4. Adapting experiences in real time

To be effective, AI assistants need to adjust to what a shopper wants in the moment. These tools can adapt recommendations in real time as users interact with a site or app. If Jill shifts from looking at work clothing to gardening tools, the system immediately updates its suggestions. This process is dynamic and runs on a steady diet of data which is processed by rapid machine learning algorithms. 

5. Understanding and chatting with humans

AI personal shoppers use natural language processing (NLP) to understand what shoppers are asking for in their own words. They use generative AI (GenAI) to respond naturally to queries and searches. This is the technology that makes it possible for Jill to type or say something like “show me waterproof gardening shoes under$50” and get relevant results. These systems can interpret questions, make sense of context, and respond in a way that feels natural. 
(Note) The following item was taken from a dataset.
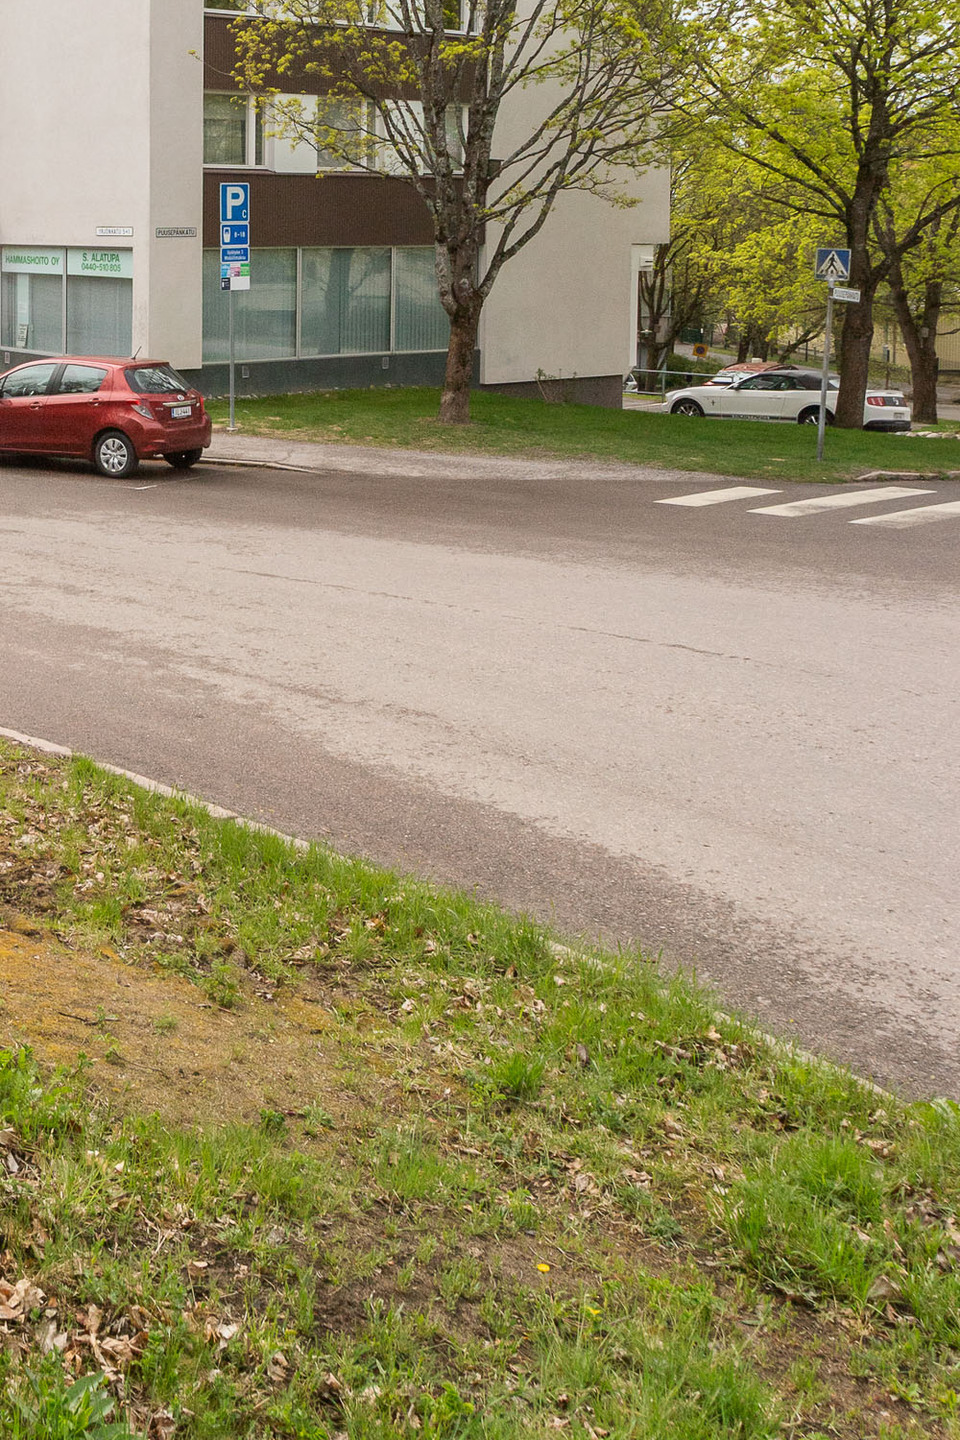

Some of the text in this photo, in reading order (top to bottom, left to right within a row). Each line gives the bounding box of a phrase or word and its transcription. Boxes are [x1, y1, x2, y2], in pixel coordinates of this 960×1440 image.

6. Getting better with every interaction

AI personal shoppers are designed to learn from the data they ingest. That means they get better over time. Clicks, purchases, abandoned carts, and search queries are all fodder for the machine, giving it the information it needs to better understand what shoppers want. When Jill ignores recommendations for watering cans, but clicks on protective sun gear, the system takes note and adjusts its recommendations. This is how AI personal shoppers become good at showing customers the products they’re most likely to buy.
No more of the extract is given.